__Task details__
Print only the lines that begin at the line containing "this 1500×1000 image." and end at the last line of the material, both included, without any change.

BEGIN

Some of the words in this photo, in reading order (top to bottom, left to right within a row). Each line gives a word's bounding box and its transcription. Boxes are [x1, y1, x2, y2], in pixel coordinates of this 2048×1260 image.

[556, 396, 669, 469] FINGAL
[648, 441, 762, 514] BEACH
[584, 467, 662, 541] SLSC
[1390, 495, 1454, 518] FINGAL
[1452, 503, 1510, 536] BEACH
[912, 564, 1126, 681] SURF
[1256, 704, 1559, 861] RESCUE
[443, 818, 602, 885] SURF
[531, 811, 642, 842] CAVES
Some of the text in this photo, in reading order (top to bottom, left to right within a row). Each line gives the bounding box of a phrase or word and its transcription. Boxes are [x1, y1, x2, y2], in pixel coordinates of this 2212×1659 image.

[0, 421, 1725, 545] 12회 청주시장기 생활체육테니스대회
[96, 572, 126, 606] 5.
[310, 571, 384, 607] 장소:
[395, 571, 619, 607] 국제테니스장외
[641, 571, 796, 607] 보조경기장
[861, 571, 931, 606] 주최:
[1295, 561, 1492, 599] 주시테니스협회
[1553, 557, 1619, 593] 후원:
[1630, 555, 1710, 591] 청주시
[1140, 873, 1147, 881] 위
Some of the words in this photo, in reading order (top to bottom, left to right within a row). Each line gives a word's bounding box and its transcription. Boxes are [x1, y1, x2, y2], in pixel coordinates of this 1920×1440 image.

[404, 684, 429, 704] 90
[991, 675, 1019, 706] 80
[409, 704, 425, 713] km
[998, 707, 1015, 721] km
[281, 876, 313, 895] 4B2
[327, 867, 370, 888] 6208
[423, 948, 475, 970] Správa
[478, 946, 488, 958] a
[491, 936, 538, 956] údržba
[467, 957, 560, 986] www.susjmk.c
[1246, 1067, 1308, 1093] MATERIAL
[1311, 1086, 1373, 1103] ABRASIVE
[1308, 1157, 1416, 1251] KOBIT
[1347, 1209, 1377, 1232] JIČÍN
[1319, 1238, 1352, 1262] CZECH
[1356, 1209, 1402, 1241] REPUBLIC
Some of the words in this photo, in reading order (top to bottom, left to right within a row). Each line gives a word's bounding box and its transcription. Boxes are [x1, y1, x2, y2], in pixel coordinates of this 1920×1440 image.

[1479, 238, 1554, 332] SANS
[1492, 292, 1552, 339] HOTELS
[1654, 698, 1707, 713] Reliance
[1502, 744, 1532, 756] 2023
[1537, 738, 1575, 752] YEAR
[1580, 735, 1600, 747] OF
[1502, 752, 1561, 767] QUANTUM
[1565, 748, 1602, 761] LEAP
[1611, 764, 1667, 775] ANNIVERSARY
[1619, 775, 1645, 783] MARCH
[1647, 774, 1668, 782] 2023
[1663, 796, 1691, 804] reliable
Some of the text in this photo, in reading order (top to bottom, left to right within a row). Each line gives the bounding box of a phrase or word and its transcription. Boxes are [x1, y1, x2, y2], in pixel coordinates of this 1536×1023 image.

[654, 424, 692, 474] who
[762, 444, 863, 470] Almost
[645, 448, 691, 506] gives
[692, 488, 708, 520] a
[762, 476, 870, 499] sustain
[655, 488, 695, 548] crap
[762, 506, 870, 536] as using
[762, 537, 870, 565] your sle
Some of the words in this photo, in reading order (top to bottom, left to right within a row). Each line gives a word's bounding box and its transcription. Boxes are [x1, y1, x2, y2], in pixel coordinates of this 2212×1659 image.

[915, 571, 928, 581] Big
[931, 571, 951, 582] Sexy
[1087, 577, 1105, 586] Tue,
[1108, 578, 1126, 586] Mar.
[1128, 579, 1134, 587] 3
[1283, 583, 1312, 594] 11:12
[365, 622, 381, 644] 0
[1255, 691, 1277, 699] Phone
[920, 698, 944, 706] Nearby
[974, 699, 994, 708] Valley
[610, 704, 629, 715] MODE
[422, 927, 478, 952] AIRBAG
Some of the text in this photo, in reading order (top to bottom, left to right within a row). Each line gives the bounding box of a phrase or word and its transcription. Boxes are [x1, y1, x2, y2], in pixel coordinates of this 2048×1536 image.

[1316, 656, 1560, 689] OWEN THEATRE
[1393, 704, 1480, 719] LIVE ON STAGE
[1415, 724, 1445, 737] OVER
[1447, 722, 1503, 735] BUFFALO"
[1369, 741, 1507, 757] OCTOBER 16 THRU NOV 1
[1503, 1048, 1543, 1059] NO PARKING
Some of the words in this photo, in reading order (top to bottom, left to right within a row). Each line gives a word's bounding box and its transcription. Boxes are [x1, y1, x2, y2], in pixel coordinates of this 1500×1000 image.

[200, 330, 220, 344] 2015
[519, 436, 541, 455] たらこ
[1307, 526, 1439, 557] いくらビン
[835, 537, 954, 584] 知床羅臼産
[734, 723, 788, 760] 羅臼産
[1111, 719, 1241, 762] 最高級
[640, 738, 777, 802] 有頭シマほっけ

END

__Output of the task__
Some of the words in this photo, in reading order (top to bottom, left to right within a row). Each line gives a word's bounding box and its transcription. Boxes are [x1, y1, x2, y2], in pixel coordinates of this 1500×1000 image.

[200, 330, 220, 344] 2015
[519, 436, 541, 455] たらこ
[1307, 526, 1439, 557] いくらビン
[835, 537, 954, 584] 知床羅臼産
[734, 723, 788, 760] 羅臼産
[1111, 719, 1241, 762] 最高級
[640, 738, 777, 802] 有頭シマほっけ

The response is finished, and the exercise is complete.